How to complete this task
What is needed here is each entry reproduced exactly, without its pictures.

Free-text object descriptions
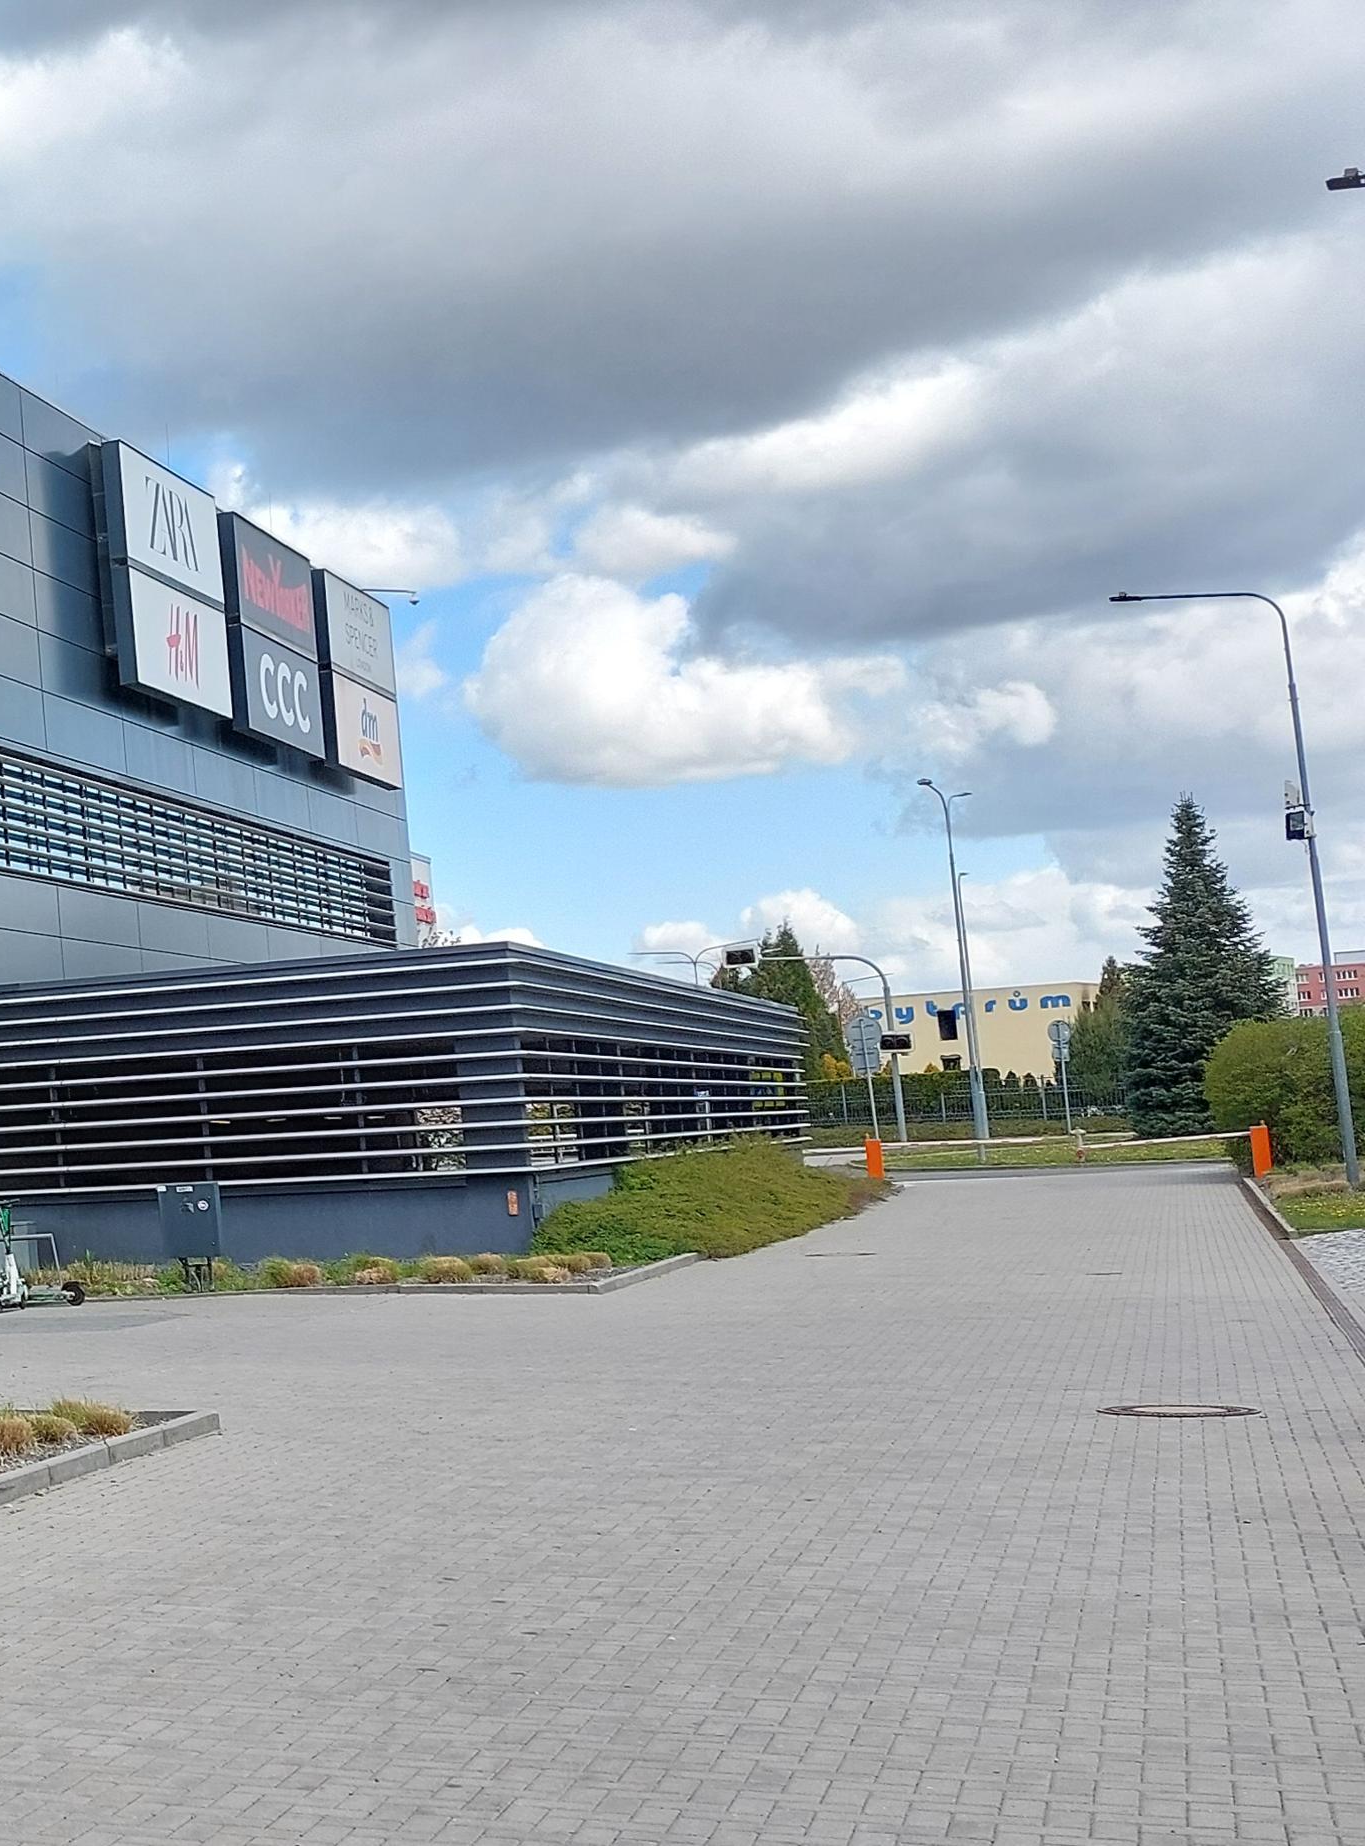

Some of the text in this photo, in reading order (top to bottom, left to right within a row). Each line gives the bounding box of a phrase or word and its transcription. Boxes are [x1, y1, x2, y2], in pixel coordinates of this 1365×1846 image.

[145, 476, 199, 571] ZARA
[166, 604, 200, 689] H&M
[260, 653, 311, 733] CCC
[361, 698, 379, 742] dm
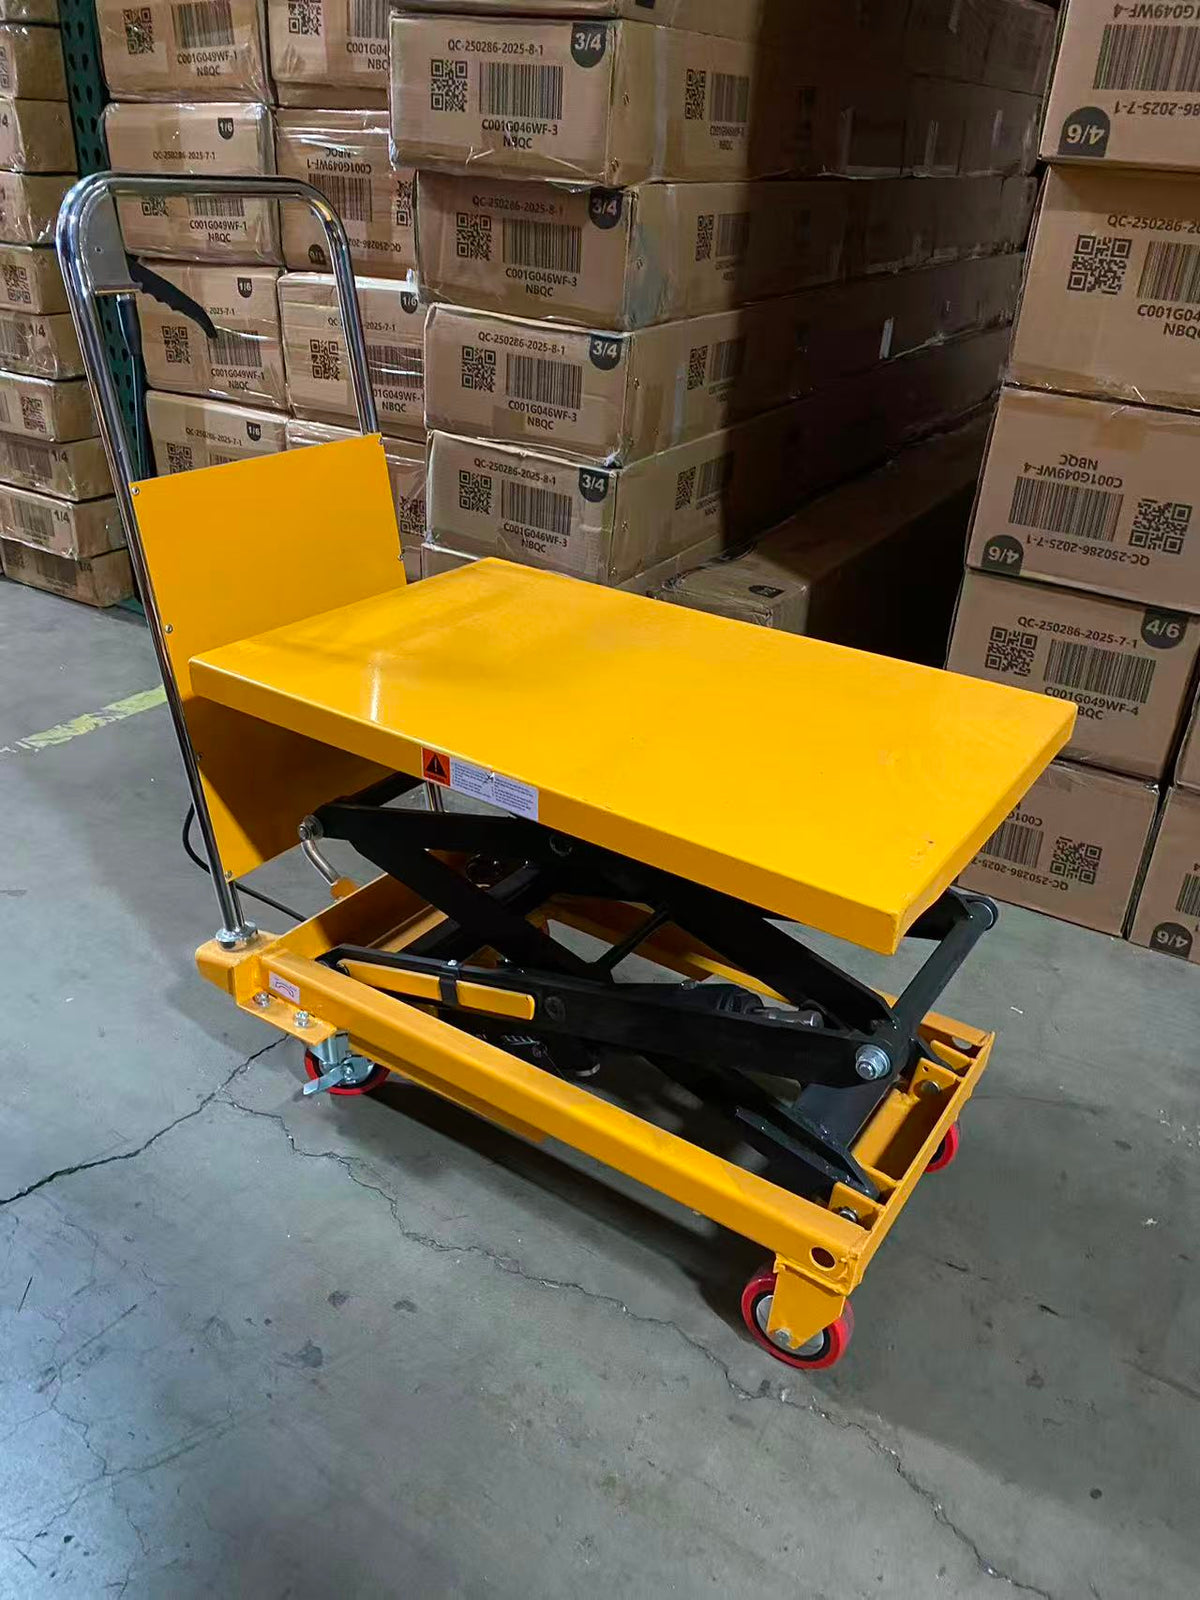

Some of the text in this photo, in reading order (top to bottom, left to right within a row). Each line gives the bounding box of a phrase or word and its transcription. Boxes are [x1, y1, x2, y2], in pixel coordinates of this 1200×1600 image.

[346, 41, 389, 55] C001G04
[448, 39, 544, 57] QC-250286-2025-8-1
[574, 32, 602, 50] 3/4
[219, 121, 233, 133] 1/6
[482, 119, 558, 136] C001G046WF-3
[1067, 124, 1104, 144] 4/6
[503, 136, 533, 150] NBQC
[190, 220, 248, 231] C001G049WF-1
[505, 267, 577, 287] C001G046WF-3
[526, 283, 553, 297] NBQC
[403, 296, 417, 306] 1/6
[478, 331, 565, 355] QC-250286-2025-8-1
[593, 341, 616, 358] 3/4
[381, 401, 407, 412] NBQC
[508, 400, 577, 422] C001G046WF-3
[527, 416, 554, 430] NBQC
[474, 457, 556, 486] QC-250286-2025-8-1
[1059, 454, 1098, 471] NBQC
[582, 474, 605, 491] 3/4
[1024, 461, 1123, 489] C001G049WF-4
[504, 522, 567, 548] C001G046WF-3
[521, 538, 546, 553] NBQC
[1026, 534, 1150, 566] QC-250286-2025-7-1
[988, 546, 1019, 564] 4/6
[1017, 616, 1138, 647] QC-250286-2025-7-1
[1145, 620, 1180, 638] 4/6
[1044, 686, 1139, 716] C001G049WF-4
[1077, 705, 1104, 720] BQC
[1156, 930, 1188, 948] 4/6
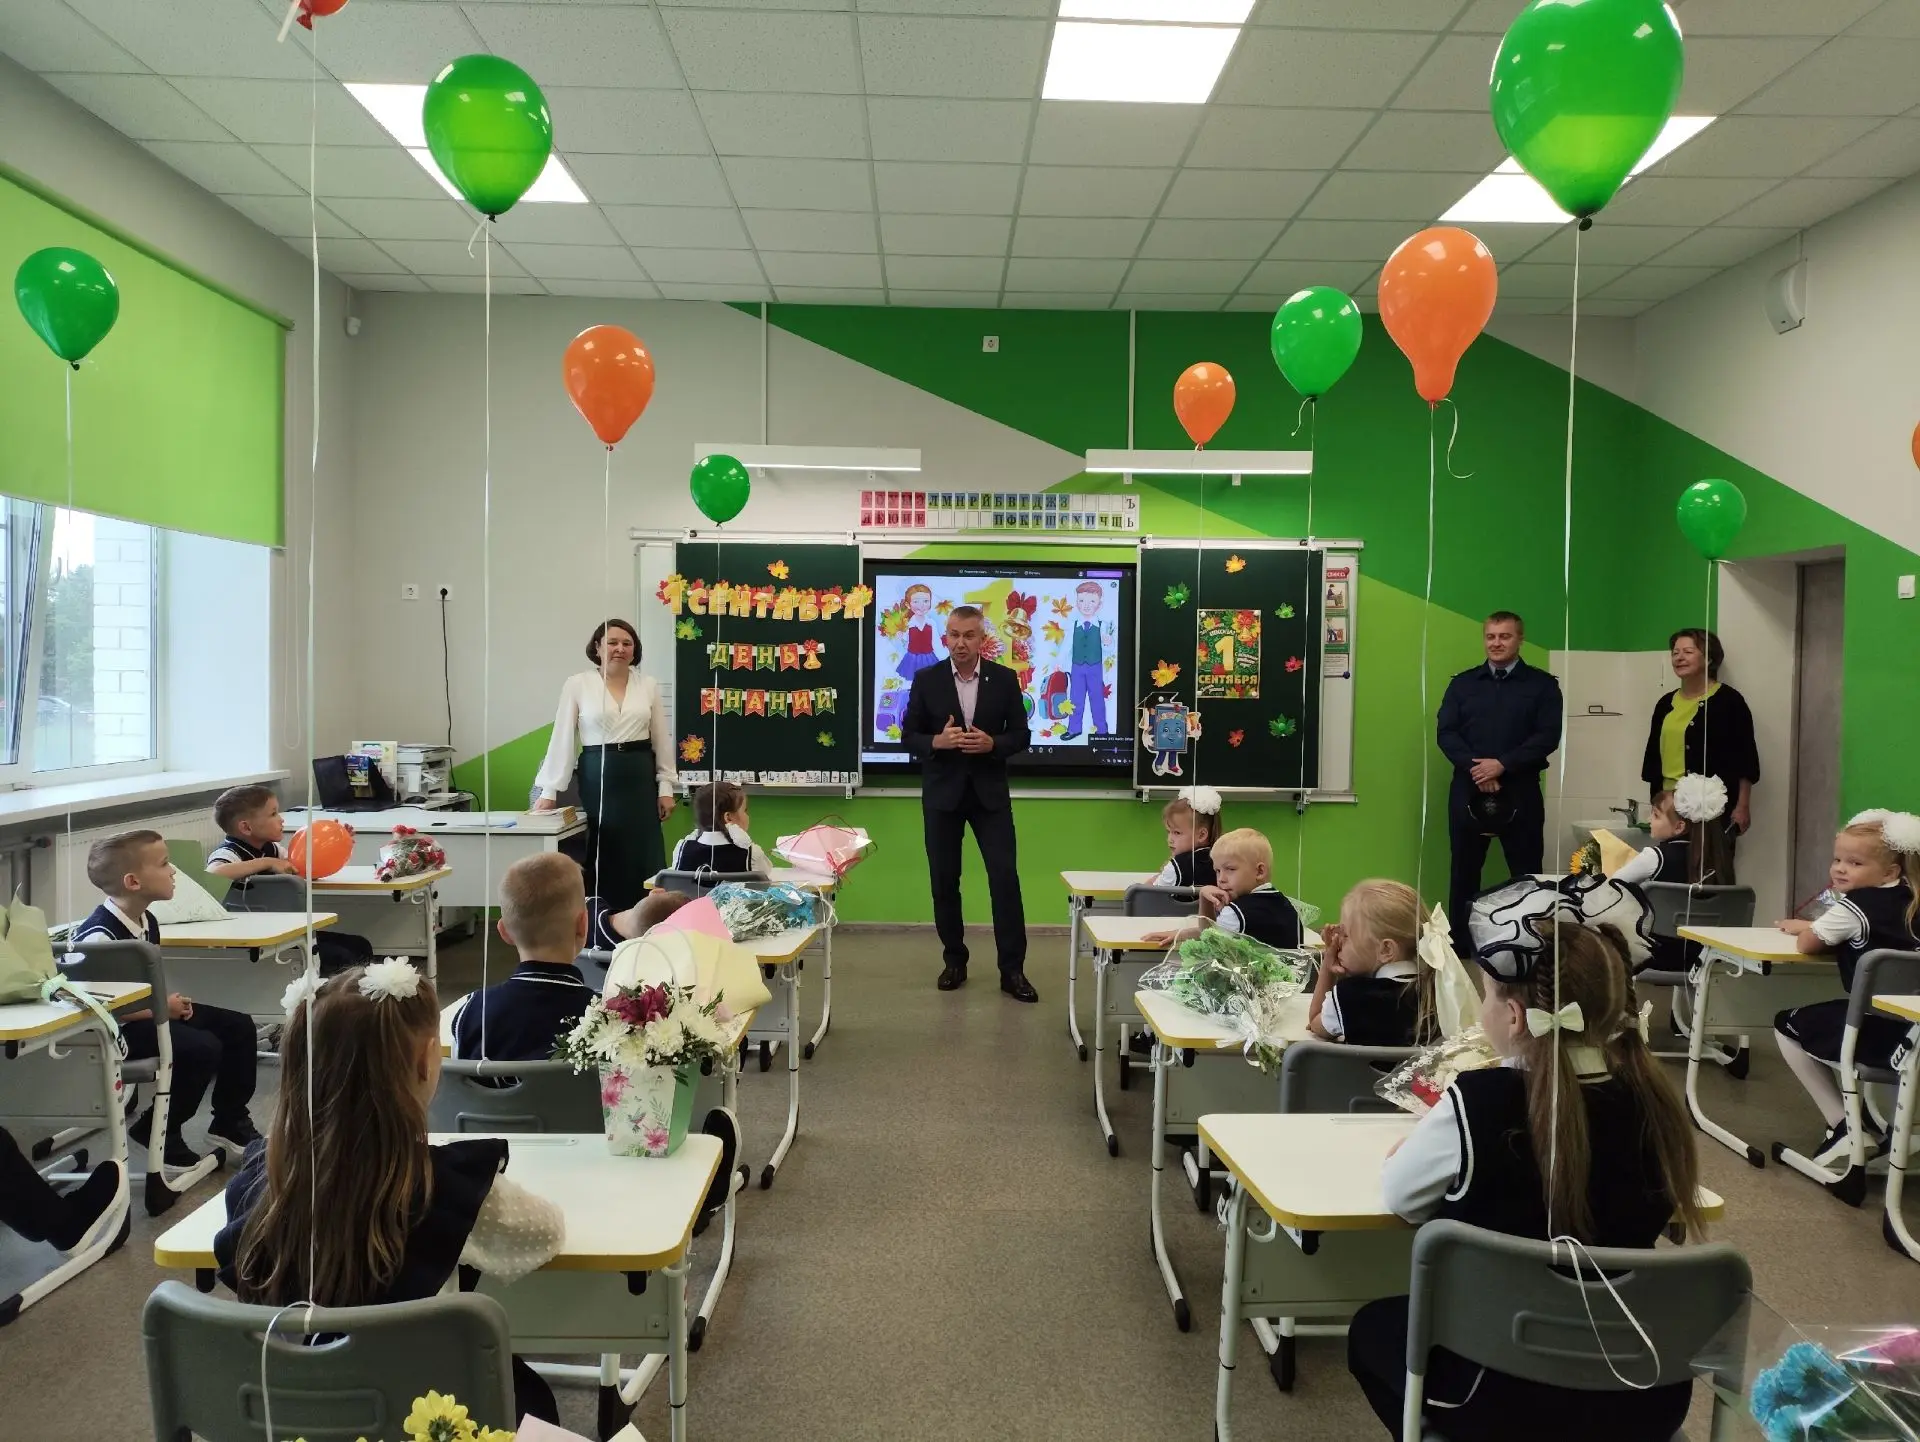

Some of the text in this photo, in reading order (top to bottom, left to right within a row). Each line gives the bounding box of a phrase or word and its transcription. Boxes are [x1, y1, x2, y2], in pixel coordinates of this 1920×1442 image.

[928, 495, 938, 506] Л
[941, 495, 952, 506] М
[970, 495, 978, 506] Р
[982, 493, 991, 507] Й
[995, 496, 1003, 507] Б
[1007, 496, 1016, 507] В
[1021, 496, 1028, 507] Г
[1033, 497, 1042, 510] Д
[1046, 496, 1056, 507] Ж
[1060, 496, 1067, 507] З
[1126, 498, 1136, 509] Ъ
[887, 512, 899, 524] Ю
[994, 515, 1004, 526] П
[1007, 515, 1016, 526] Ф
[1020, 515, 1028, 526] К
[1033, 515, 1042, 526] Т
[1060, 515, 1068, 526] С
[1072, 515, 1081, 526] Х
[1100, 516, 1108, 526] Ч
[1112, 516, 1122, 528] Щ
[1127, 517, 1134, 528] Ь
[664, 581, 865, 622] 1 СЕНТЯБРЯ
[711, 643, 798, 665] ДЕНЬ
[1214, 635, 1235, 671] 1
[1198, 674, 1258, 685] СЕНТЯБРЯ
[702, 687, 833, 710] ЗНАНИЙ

Answer to the exercise
Some of the text in this photo, in reading order (top to bottom, left to right within a row). Each line gives the bounding box of a phrase or word and its transcription. Boxes are [x1, y1, x2, y2], in pixel coordinates of this 1365×1846 image.

[145, 476, 199, 571] ZARA
[166, 604, 200, 689] H&M
[260, 653, 311, 733] CCC
[361, 698, 379, 742] dm

Some of the text in this photo, in reading order (top to bottom, left to right within a row). Each line gives the bounding box of a phrase or word and its transcription. Boxes are [x1, y1, x2, y2], in pixel coordinates of this 1200×1600 image.

[346, 41, 389, 55] C001G04
[448, 39, 544, 57] QC-250286-2025-8-1
[574, 32, 602, 50] 3/4
[219, 121, 233, 133] 1/6
[482, 119, 558, 136] C001G046WF-3
[1067, 124, 1104, 144] 4/6
[503, 136, 533, 150] NBQC
[190, 220, 248, 231] C001G049WF-1
[505, 267, 577, 287] C001G046WF-3
[526, 283, 553, 297] NBQC
[403, 296, 417, 306] 1/6
[478, 331, 565, 355] QC-250286-2025-8-1
[593, 341, 616, 358] 3/4
[381, 401, 407, 412] NBQC
[508, 400, 577, 422] C001G046WF-3
[527, 416, 554, 430] NBQC
[474, 457, 556, 486] QC-250286-2025-8-1
[1059, 454, 1098, 471] NBQC
[582, 474, 605, 491] 3/4
[1024, 461, 1123, 489] C001G049WF-4
[504, 522, 567, 548] C001G046WF-3
[521, 538, 546, 553] NBQC
[1026, 534, 1150, 566] QC-250286-2025-7-1
[988, 546, 1019, 564] 4/6
[1017, 616, 1138, 647] QC-250286-2025-7-1
[1145, 620, 1180, 638] 4/6
[1044, 686, 1139, 716] C001G049WF-4
[1077, 705, 1104, 720] BQC
[1156, 930, 1188, 948] 4/6

Some of the text in this photo, in reading order (top to bottom, left to right within a row). Each line gives the bounding box of a phrase or word and its transcription. Boxes are [x1, y1, x2, y2], in pixel coordinates of this 1920×1442 image.

[928, 495, 938, 506] Л
[941, 495, 952, 506] М
[970, 495, 978, 506] Р
[982, 493, 991, 507] Й
[995, 496, 1003, 507] Б
[1007, 496, 1016, 507] В
[1021, 496, 1028, 507] Г
[1033, 497, 1042, 510] Д
[1046, 496, 1056, 507] Ж
[1060, 496, 1067, 507] З
[1126, 498, 1136, 509] Ъ
[887, 512, 899, 524] Ю
[994, 515, 1004, 526] П
[1007, 515, 1016, 526] Ф
[1020, 515, 1028, 526] К
[1033, 515, 1042, 526] Т
[1060, 515, 1068, 526] С
[1072, 515, 1081, 526] Х
[1100, 516, 1108, 526] Ч
[1112, 516, 1122, 528] Щ
[1127, 517, 1134, 528] Ь
[664, 581, 865, 622] 1 СЕНТЯБРЯ
[711, 643, 798, 665] ДЕНЬ
[1214, 635, 1235, 671] 1
[1198, 674, 1258, 685] СЕНТЯБРЯ
[702, 687, 833, 710] ЗНАНИЙ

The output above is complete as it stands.